*WORK TO BE COMPLETED:*
Each line below must be reproduced exactly as it stands. Pictures stay out of the copy.
····················
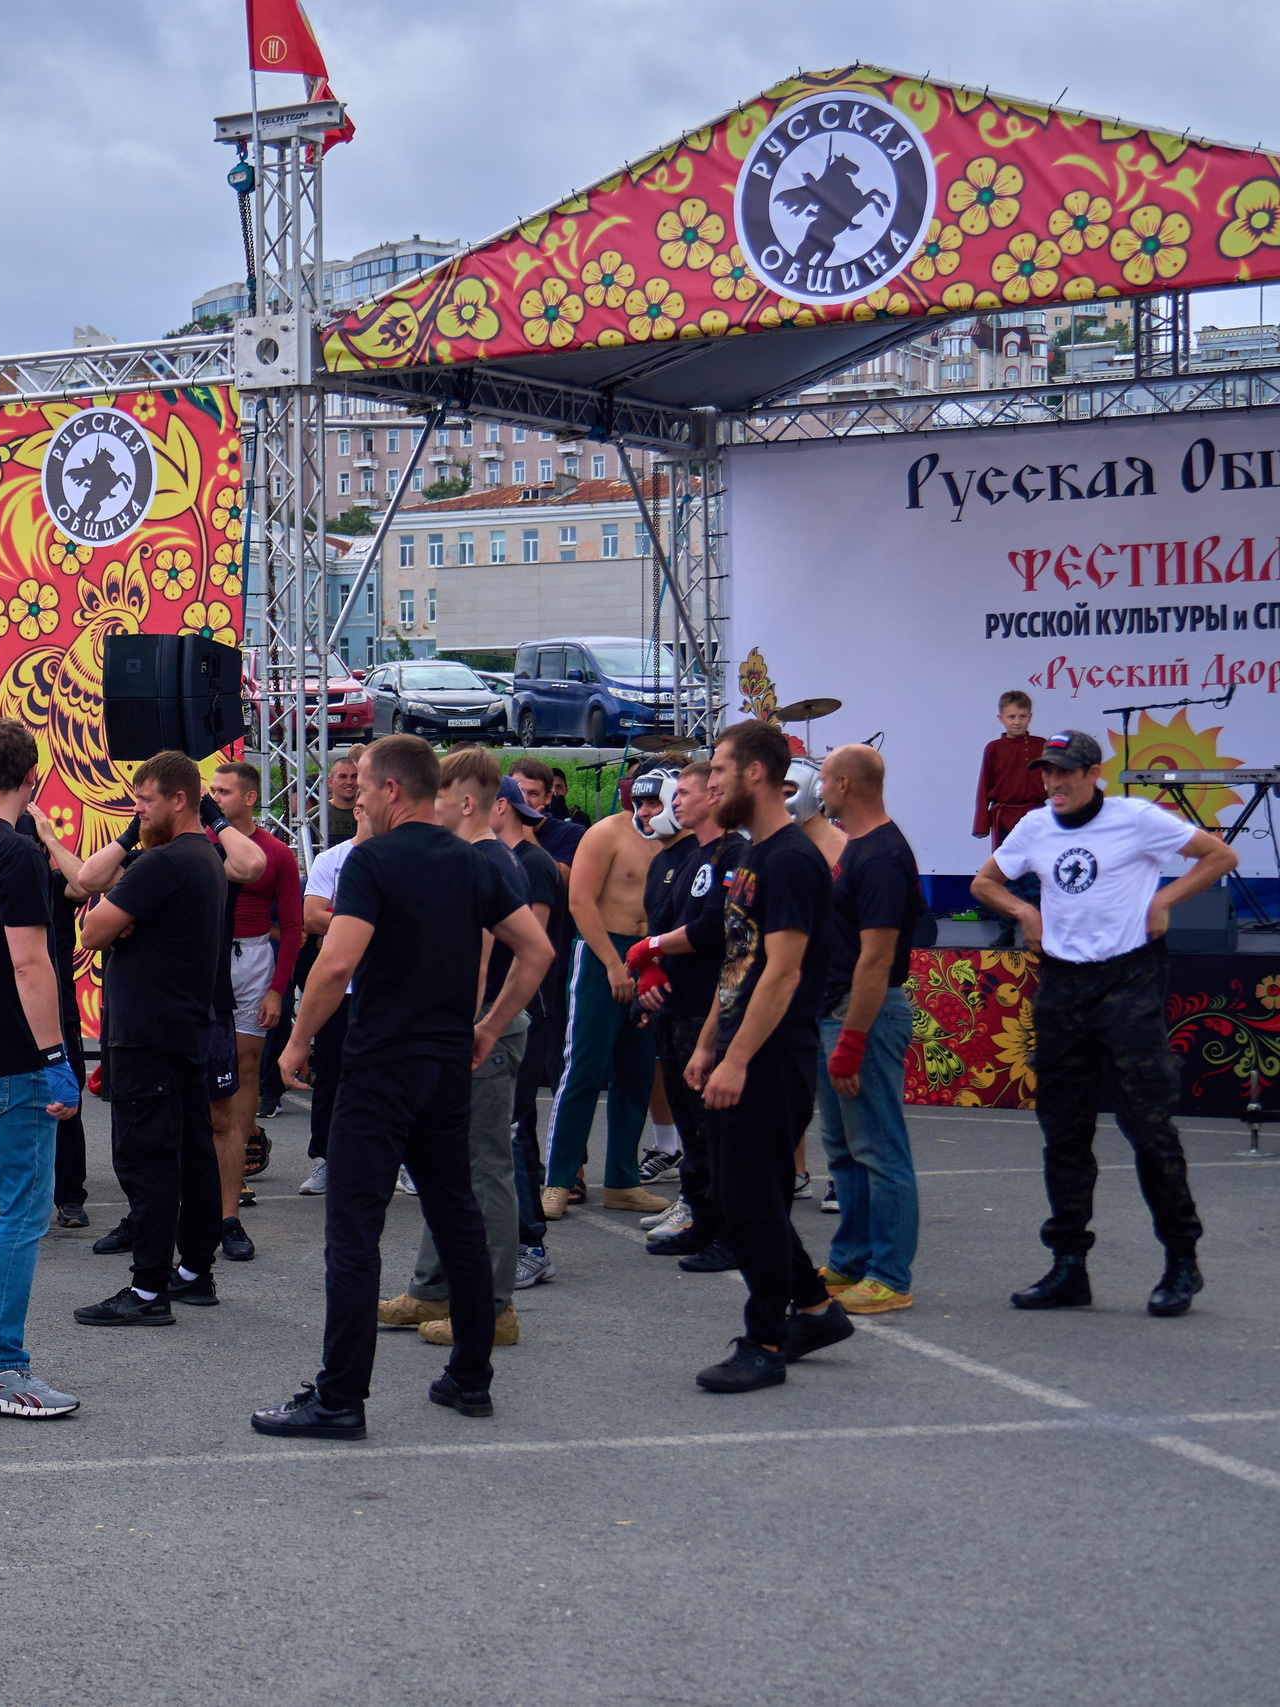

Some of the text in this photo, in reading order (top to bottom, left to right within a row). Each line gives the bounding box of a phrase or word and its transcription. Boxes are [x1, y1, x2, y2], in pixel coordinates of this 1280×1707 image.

[752, 104, 914, 180] РУССКАЯ
[760, 229, 910, 294] ОБЩИНА
[51, 413, 145, 462] РУССКАЯ
[905, 452, 1158, 523] Русская
[56, 499, 143, 540] ОБЩИНА
[984, 602, 1090, 640] РУССКОЙ
[1095, 603, 1228, 636] КУЛЬТУРЫ
[632, 782, 653, 795] ENUM
[1200, 772, 1224, 781] KORG
[1055, 848, 1095, 866] РУССКАЯ
[1057, 878, 1094, 894] ОБЩИНА
····················
*REPLY TO THE TASK:*
Some of the text in this photo, in reading order (top to bottom, left to right within a row). Each line gives the bounding box of a phrase or word and its transcription. Boxes are [x1, y1, x2, y2], in pixel coordinates of this 1280×1707 image.

[752, 104, 914, 180] РУССКАЯ
[760, 229, 910, 294] ОБЩИНА
[51, 413, 145, 462] РУССКАЯ
[905, 452, 1158, 523] Русская
[56, 499, 143, 540] ОБЩИНА
[984, 602, 1090, 640] РУССКОЙ
[1095, 603, 1228, 636] КУЛЬТУРЫ
[632, 782, 653, 795] ENUM
[1200, 772, 1224, 781] KORG
[1055, 848, 1095, 866] РУССКАЯ
[1057, 878, 1094, 894] ОБЩИНА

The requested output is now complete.